The most noteworthy thing today is the arms race between domestic AI models. Ali released the Qwen3.7-Plus multimodal model, and together with the Step-3.7-Flash released two days ago, the domestic model has entered the 3.5-4.0 era. But this wave of upgrades has a fatal problem-they are all playing parametric games, and no one solves the actual implementation cost. Looking at the promotion of Step Step that "the cost is only 1/9 of Claude Opus 4.6", you can see that domestic manufacturers are still using cost performance as a fig leaf. What should really focus on is the lightweight model LFM2.5-8B that emerged on HF and the code knowledge mapping tool Understand-Anything that exploded on GitHub. These are the solutions that can truly fit into business flows.

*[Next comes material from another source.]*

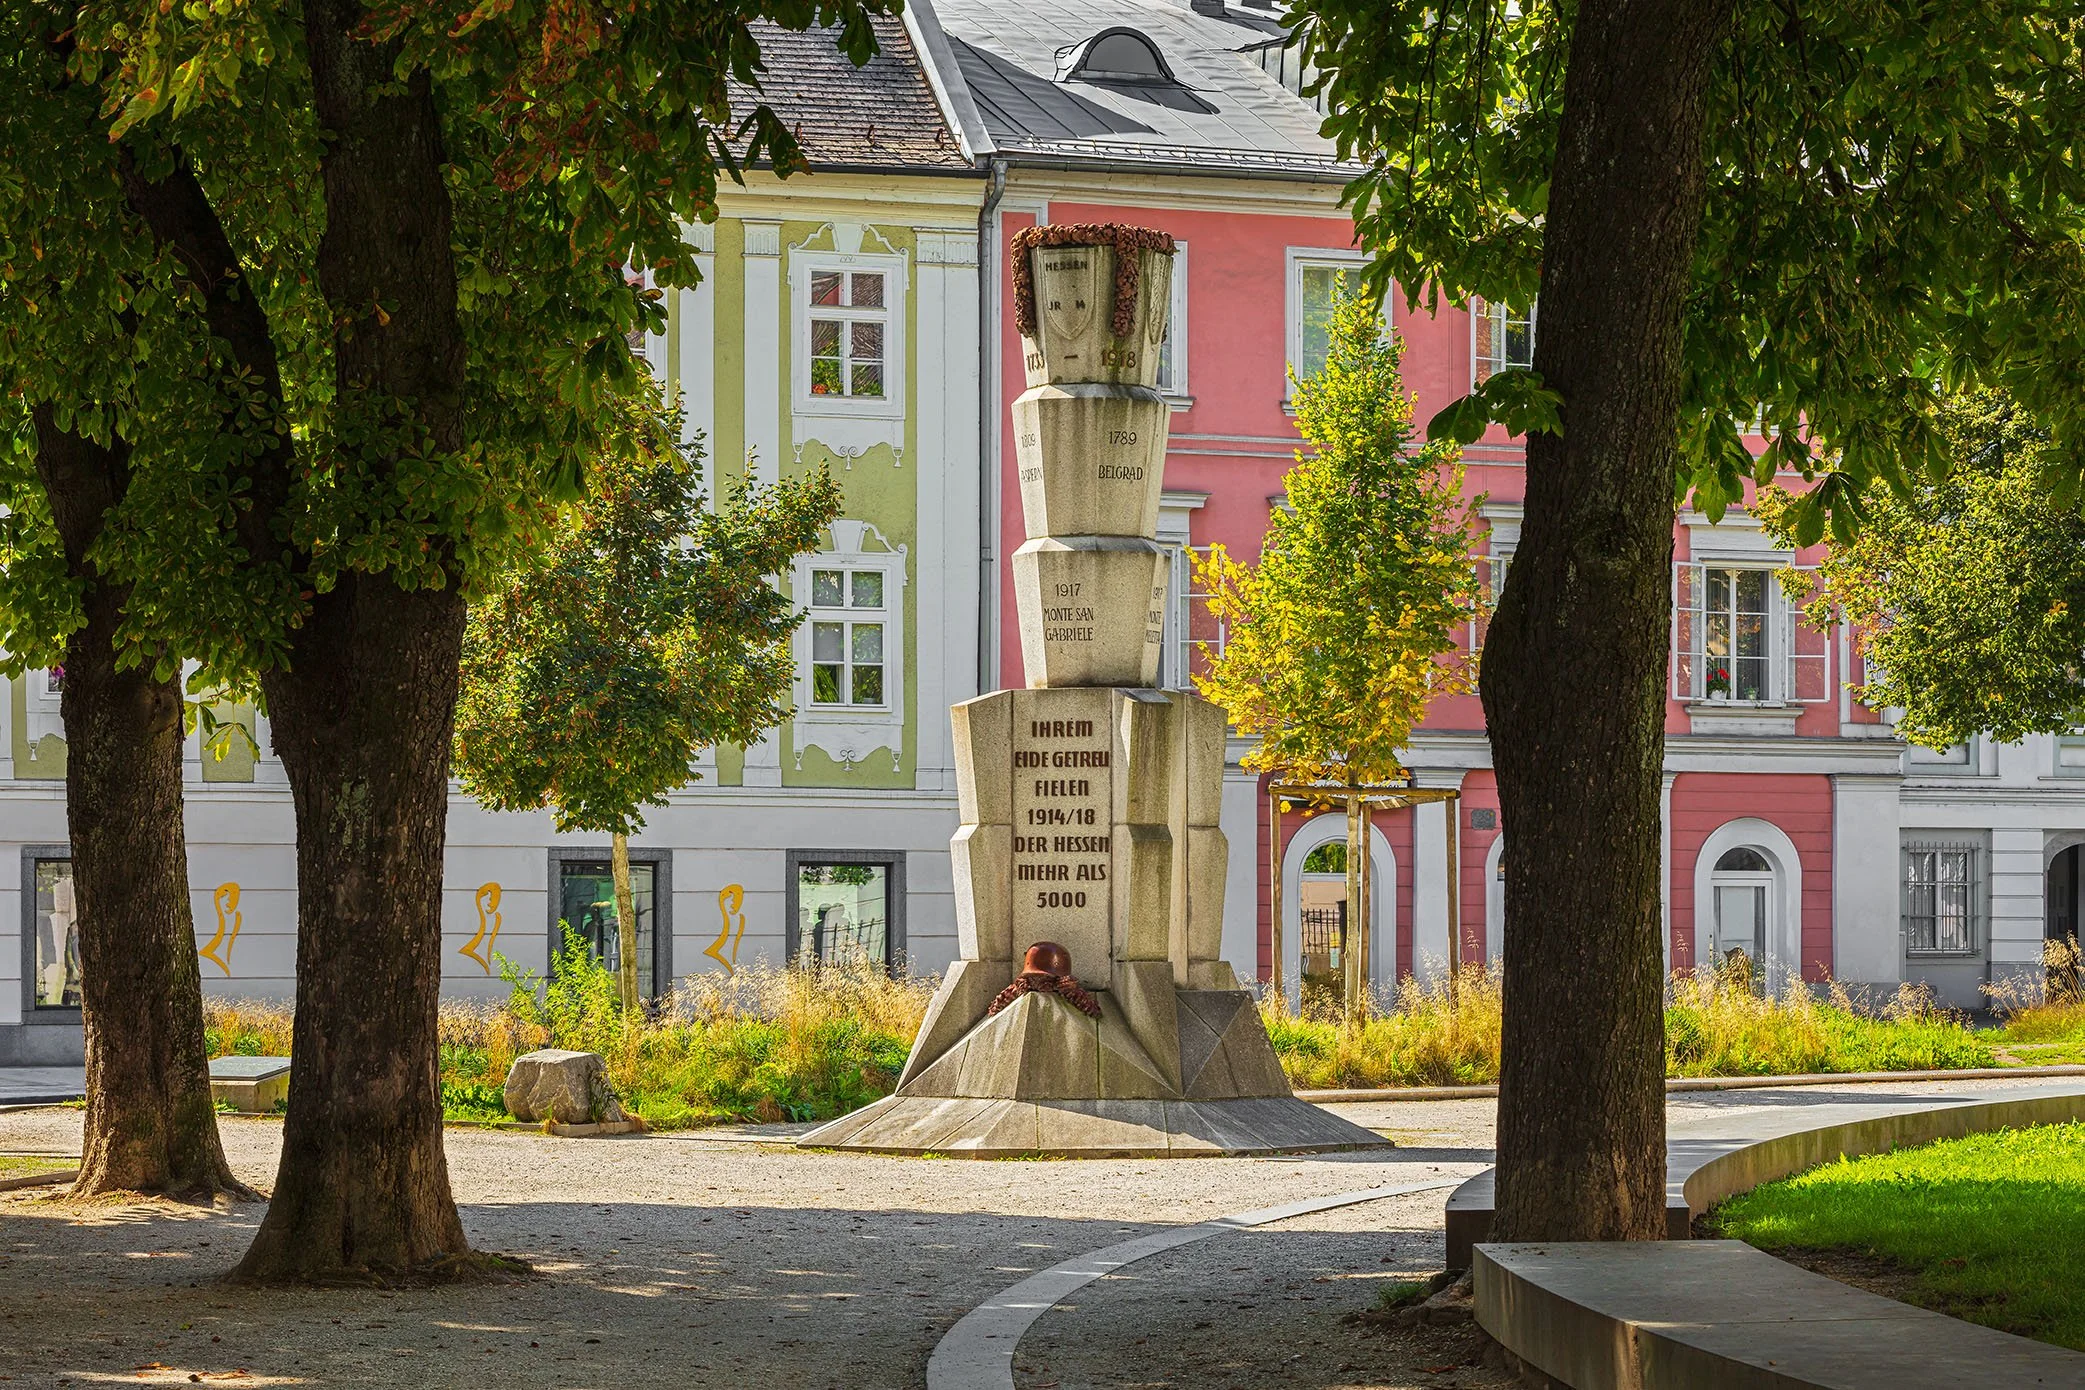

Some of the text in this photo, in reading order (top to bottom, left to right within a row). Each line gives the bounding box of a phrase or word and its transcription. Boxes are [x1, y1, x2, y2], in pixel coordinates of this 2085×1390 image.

Another hidden line is the explosion of the AI engineering tool chain. Flying Book CLI supports natural language operation documents, research-oriented Agents such as Tabstack, and the MySQL visual ER tool, indicating that the industry is moving from "alchemy" to "laying pipelines." The biggest pain point now is no longer model capabilities, but how to squeeze AI into existing workflows. Seeing that developers on V2EX are still discussing the sequelae and emotional issues of the COVID-19, we know that front-line code farmers have no time to chase new models. They want a screwdriver out of the box, not another graphics card.

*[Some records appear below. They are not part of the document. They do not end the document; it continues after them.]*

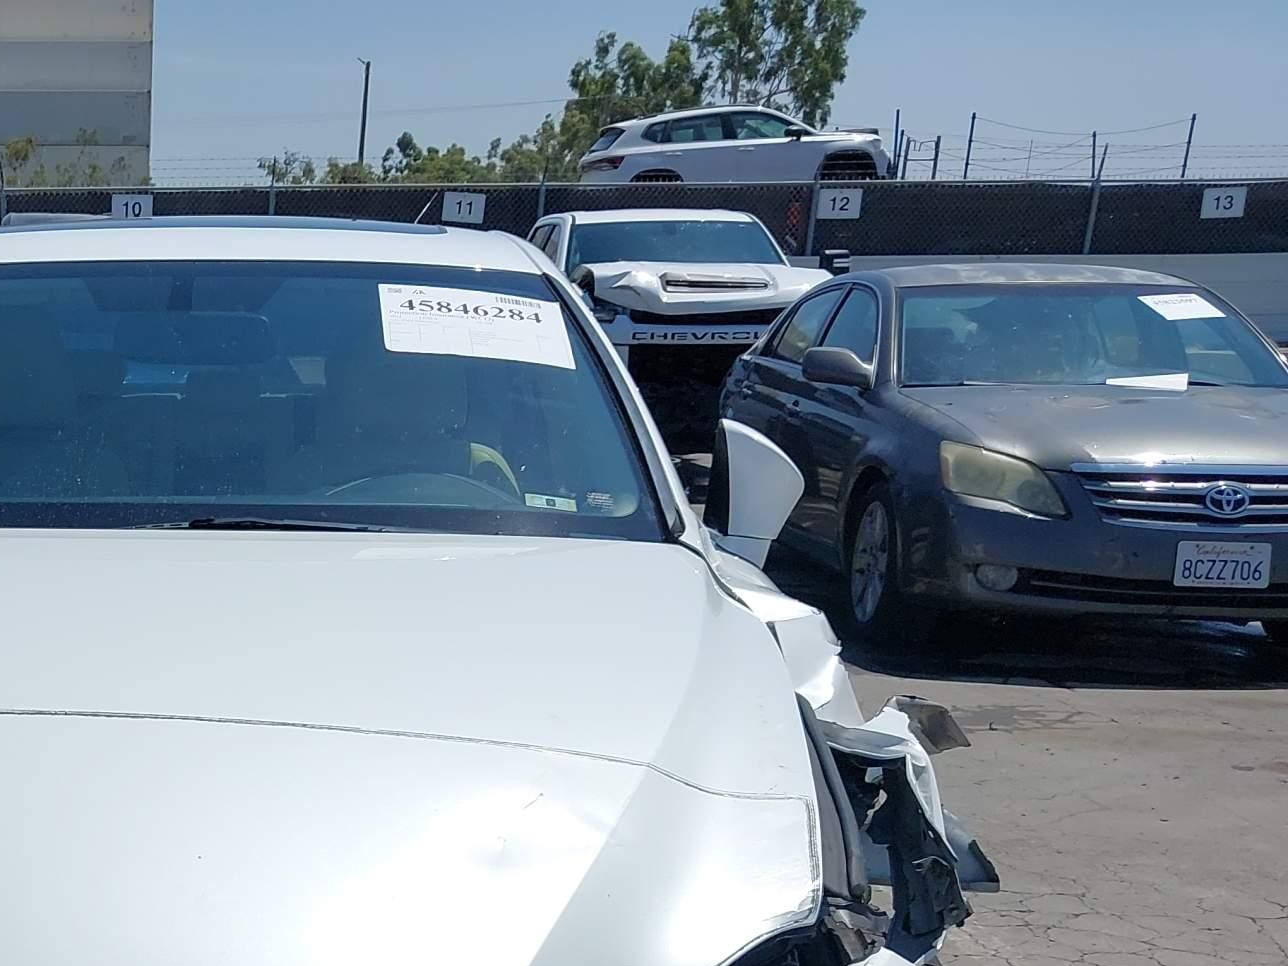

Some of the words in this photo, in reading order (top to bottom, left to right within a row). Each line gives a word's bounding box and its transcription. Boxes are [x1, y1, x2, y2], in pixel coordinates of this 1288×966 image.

[122, 201, 142, 218] 10
[456, 200, 473, 215] 11
[829, 196, 850, 211] 12
[1213, 195, 1234, 210] 13
[399, 299, 543, 323] 45846284
[632, 331, 761, 340] CHEVROL
[1196, 544, 1252, 558] California
[1182, 559, 1264, 581] 8CZZ706

The most ironic thing is the resurrection of Tianya Community. Today, when AI reconstructs content production and Xiaohongshu competes for World Cup copyright, this kind of emotional project is destined to be a performance art. But the problem reflected behind it is very real: the current Internet is either obsessed with the concept of AI, or it is eating old money and selling feelings, and the middle state cannot survive. Looking at the subscription pricing of bean buns of 68- 5,088 yuan, you know that even giants like Byte are using sickle to harvest anxiety instead of creating real value. What the technology community lacks most now is not innovation, but honesty-honesty to users, cost, and business logic.